Dani Ceballos'un yerine Mohamed Elneny'nin neden getirilmediği sorgulandı: Ceballos, Avrupa Ligi'nde bazı dikkat çekici hatalar yaptı ve bu da onu bir bakıma haklı çıkardı. Granit Xhaka, Burnley maçında gördüğü kırmızı kartın ardından ilk 11'e geri döndüğünde büyük tepki çekmişti; ancak o zamandan bu yana performansı neredeyse kusursuzdu.
Arsenal taraftarlarının, her gün bu oyuncularla çalışan bir adama gerçekten bu kadar az güvenmesi mi gerekiyor? Arteta'nın görev süresi boyunca endişe verici alanlar elbette oldu, ancak aynı zamanda daha fazla güveni hak ettiği birçok örnek de yaşandı.

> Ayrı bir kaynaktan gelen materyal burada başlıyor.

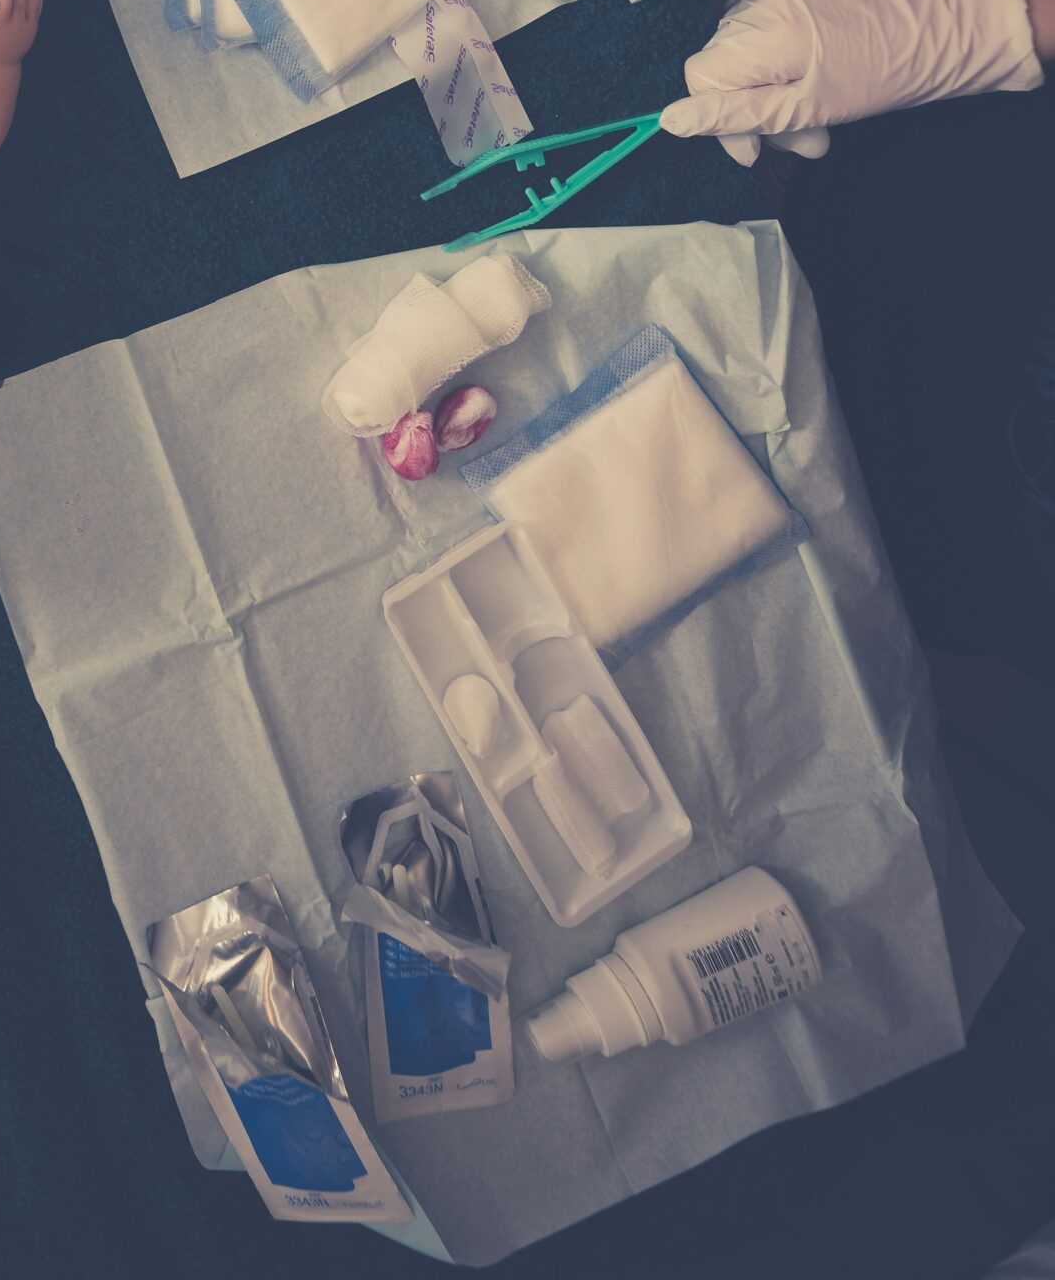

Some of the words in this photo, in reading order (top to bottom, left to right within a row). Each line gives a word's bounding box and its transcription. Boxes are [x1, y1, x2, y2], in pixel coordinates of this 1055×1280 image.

[423, 3, 435, 63] Safetac
[443, 44, 467, 106] Safetac
[462, 88, 485, 149] Safetac
[399, 1083, 443, 1098] 3343N

İki sezon orta sıralarda yer almak bireysel başarısızlıkları tam olarak yansıtmıyor; Arteta'nın dört aylık görev süresini karakterize eden pandemi kaynaklı cehennemi ya da tüm yönetim kurulunda çok ihtiyaç duyulan bağlılığın eksikliğini de yansıtmıyor. Arsenal'in geçen yıl FA Kupası'nı kazandığını, bu yıl Şampiyonlar Ligi yarı finaline çıktığını ve son bir yıldır uzun zamandır ilk kez büyük takımları yendiğini de söylemeden geçemiyoruz.
Sıralamalar yalan söylemez; ancak herhangi bir bağlam da sunmaz. Belki de bu yüzden Guardiola, konuşanların tavsiyelerine hiç kulak asmadı ve bunun yerine daha az parası olan daha küçük bir kulüpte kendini sınamayı tercih etti. Küçük diye tabir edilen takımların arkasında kaldığınızda, kulüp doğru yolda olsa bile taraftarların pek sabrı kalmıyor.
Mikel Arteta, yol boyunca birçok kez tutarlı kararlar aldı ve şimdi bu kanıtlandı. Dün gece Slavia Prag'a karşı alınan 4-0'lık galibiyetten dolayı pek fazla övgü almamış olabilir, ancak bir dahaki sefere büyük bir karar verdiğinde muhtemelen biraz takdir görecektir.